- Question from Devon: Are dairy products safe?
“Safe” is an interesting way of asking. It's somewhat of a mixed bag when it comes to fighting cancer. About dairy products, there was an interested study in The Lancet that showed that premenopausal women who had a small increase in insulin growth factor (IGF1) had up to 7 times the breast cancer risk of women with lower levels. The reason I bring that up is there was a study of dairy benefits showing insulin growth factor can possibly increase breast cancer. The casein in dairy can increase IGF.
There are some wonderful aspects of dairy we applaud—calcium is necessary to fight osteoporosis, so it's about calcium balance. We also know that dairy contains CLA, conjugated linoleic acid, which is a good transfat that may fight breast cancer, and whey protein which may have profound benefits. (By the way, the “runny” part of cottage cheese is whey and the chunky part is the “curds.”) But because of the IGF, we don't promote dairy for people with breast cancer.
- Penny Block IGF1 is not a chemical that's added by the dairy industry. It's a component of cow's milk, but it can contribute to the growth of breast cancer cells.

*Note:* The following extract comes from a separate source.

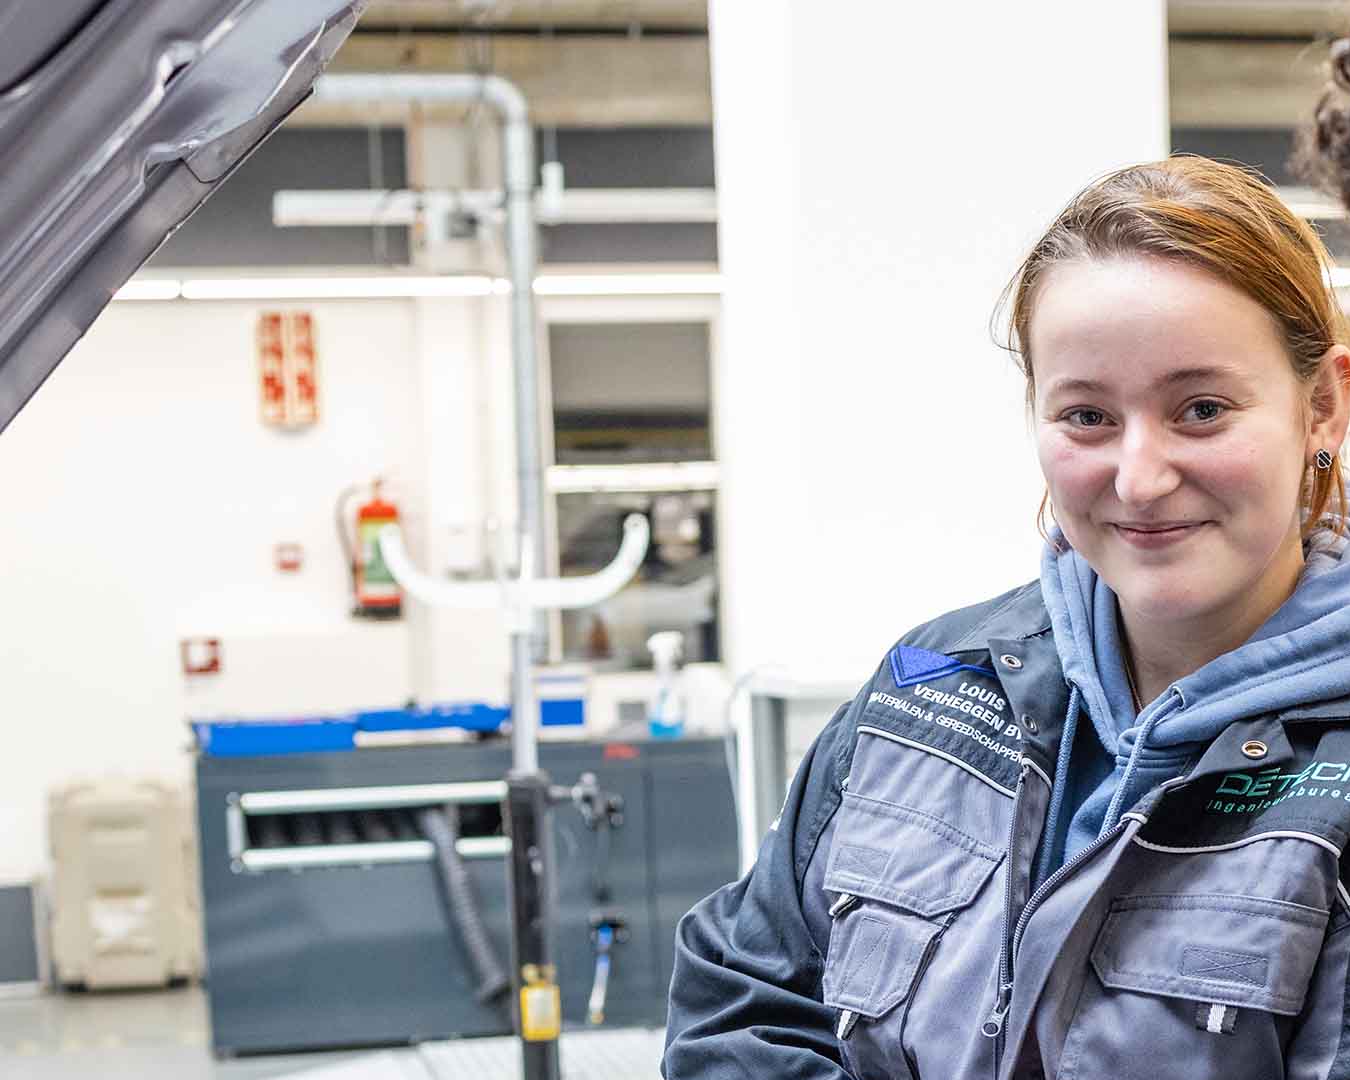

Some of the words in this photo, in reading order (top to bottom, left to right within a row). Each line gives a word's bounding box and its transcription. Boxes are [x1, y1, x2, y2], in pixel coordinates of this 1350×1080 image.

[914, 684, 1006, 731] VERHEGGEN
[958, 682, 1007, 712] LOUIS
[924, 712, 934, 722] &

The Ask-the-Expert Online Conference called Buying Healthy Food and Drink featured Penny B. Block, M.A., David W. Grotto, R.D., L.D., and moderator Judith Sachs answering your questions about finding, buying, and preparing the healthiest food and drink for people with breast cancer and their families.
Editor's Note: This conference took place in July 2005.
The materials presented in these conferences do not necessarily reflect the views of Breastcancer.org. A qualified healthcare professional should be consulted before using any therapeutic product or regimen discussed. All readers should verify all information and data before employing any therapies described here.